▶ _Exercise data_:
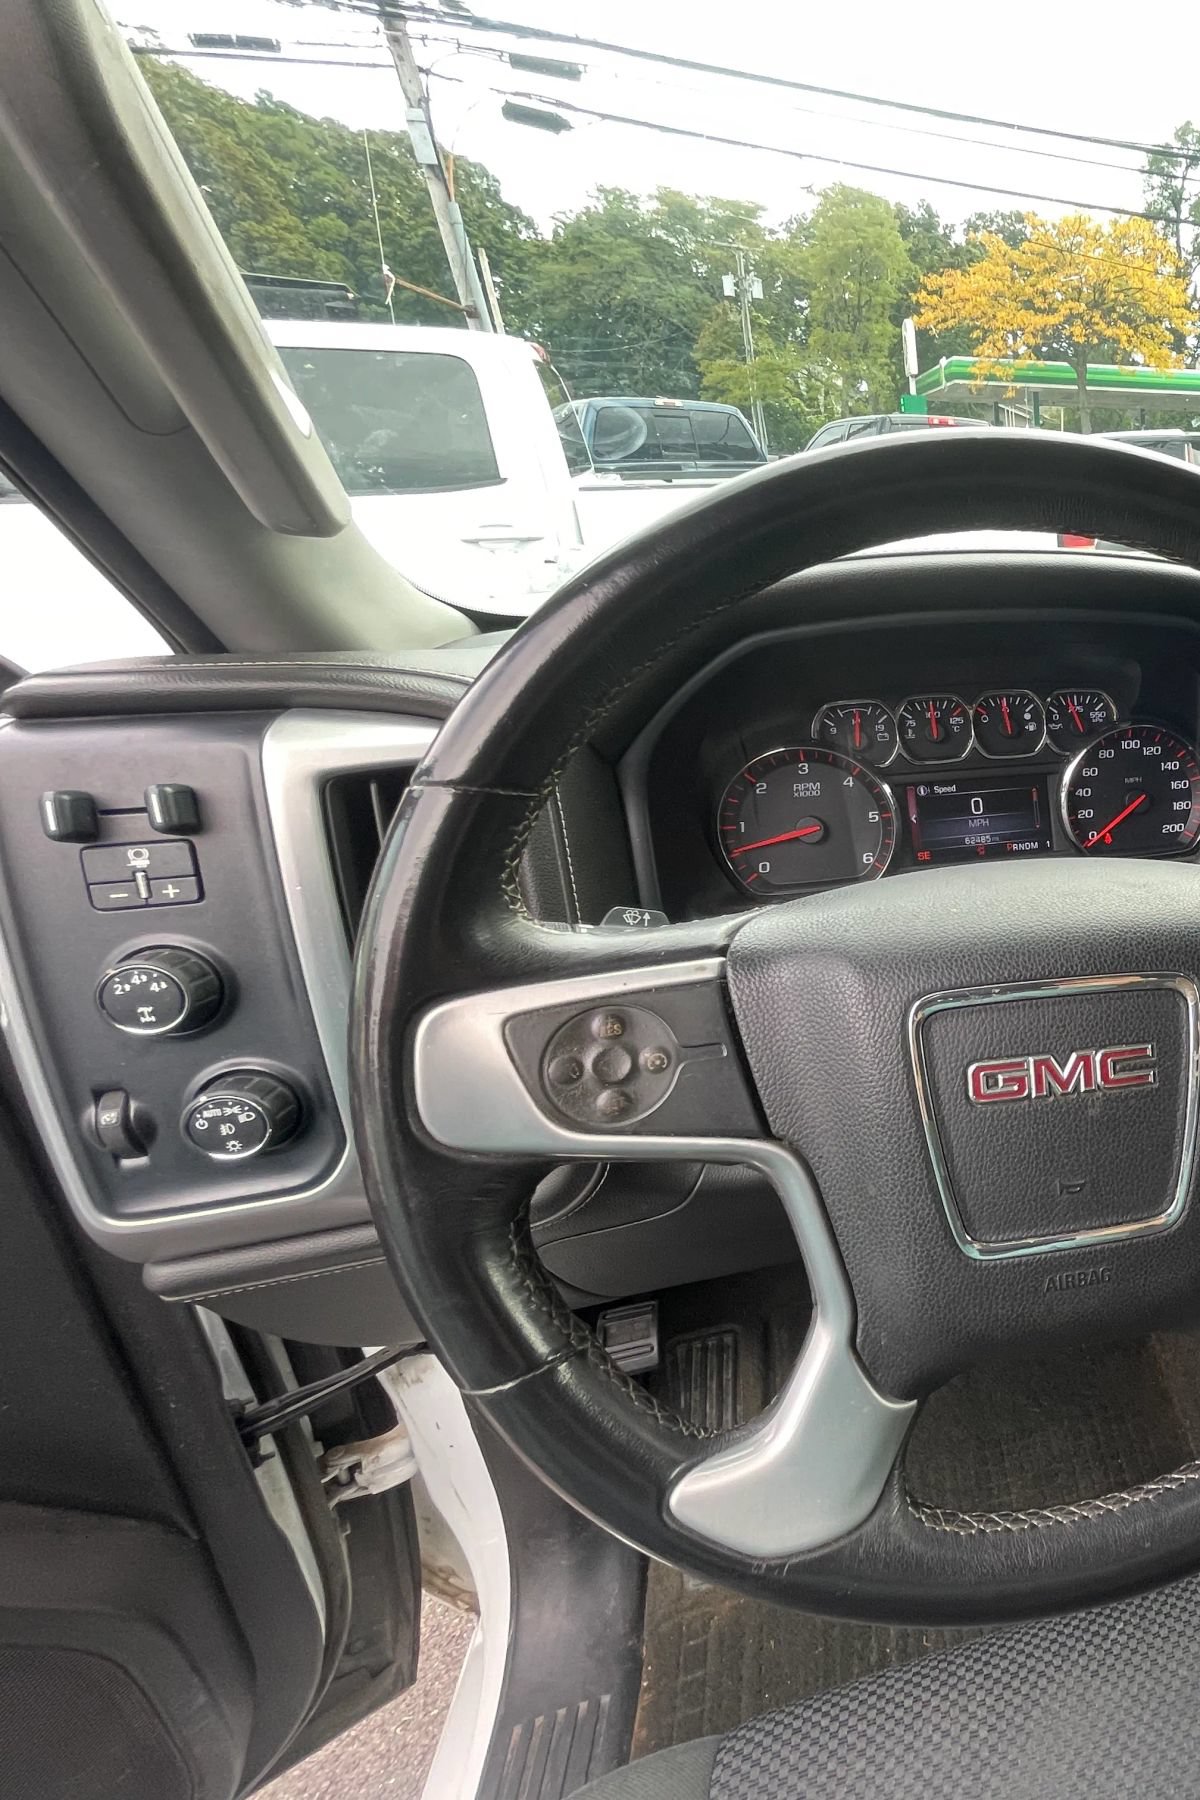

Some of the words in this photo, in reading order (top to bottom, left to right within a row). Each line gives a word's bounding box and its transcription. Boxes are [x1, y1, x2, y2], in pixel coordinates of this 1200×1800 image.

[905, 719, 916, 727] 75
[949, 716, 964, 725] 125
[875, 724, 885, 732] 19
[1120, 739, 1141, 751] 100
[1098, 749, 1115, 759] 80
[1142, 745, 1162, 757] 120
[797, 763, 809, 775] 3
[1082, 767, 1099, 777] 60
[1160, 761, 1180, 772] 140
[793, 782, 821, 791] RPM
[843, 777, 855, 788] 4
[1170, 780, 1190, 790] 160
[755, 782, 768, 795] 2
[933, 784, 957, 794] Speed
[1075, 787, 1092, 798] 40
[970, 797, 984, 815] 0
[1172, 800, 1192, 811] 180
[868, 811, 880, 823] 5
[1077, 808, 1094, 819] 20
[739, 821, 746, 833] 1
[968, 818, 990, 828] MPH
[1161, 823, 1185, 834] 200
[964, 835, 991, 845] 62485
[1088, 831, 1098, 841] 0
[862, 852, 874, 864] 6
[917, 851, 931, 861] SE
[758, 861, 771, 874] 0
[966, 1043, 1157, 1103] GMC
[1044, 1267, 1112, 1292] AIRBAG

▶ _Task directions_: Return the full listing exactly as written, without any of its images.

▶ _Your solution_:
Some of the words in this photo, in reading order (top to bottom, left to right within a row). Each line gives a word's bounding box and its transcription. Boxes are [x1, y1, x2, y2], in pixel coordinates of this 1200×1800 image.

[905, 719, 916, 727] 75
[949, 716, 964, 725] 125
[875, 724, 885, 732] 19
[1120, 739, 1141, 751] 100
[1098, 749, 1115, 759] 80
[1142, 745, 1162, 757] 120
[797, 763, 809, 775] 3
[1082, 767, 1099, 777] 60
[1160, 761, 1180, 772] 140
[793, 782, 821, 791] RPM
[843, 777, 855, 788] 4
[1170, 780, 1190, 790] 160
[755, 782, 768, 795] 2
[933, 784, 957, 794] Speed
[1075, 787, 1092, 798] 40
[970, 797, 984, 815] 0
[1172, 800, 1192, 811] 180
[868, 811, 880, 823] 5
[1077, 808, 1094, 819] 20
[739, 821, 746, 833] 1
[968, 818, 990, 828] MPH
[1161, 823, 1185, 834] 200
[964, 835, 991, 845] 62485
[1088, 831, 1098, 841] 0
[862, 852, 874, 864] 6
[917, 851, 931, 861] SE
[758, 861, 771, 874] 0
[966, 1043, 1157, 1103] GMC
[1044, 1267, 1112, 1292] AIRBAG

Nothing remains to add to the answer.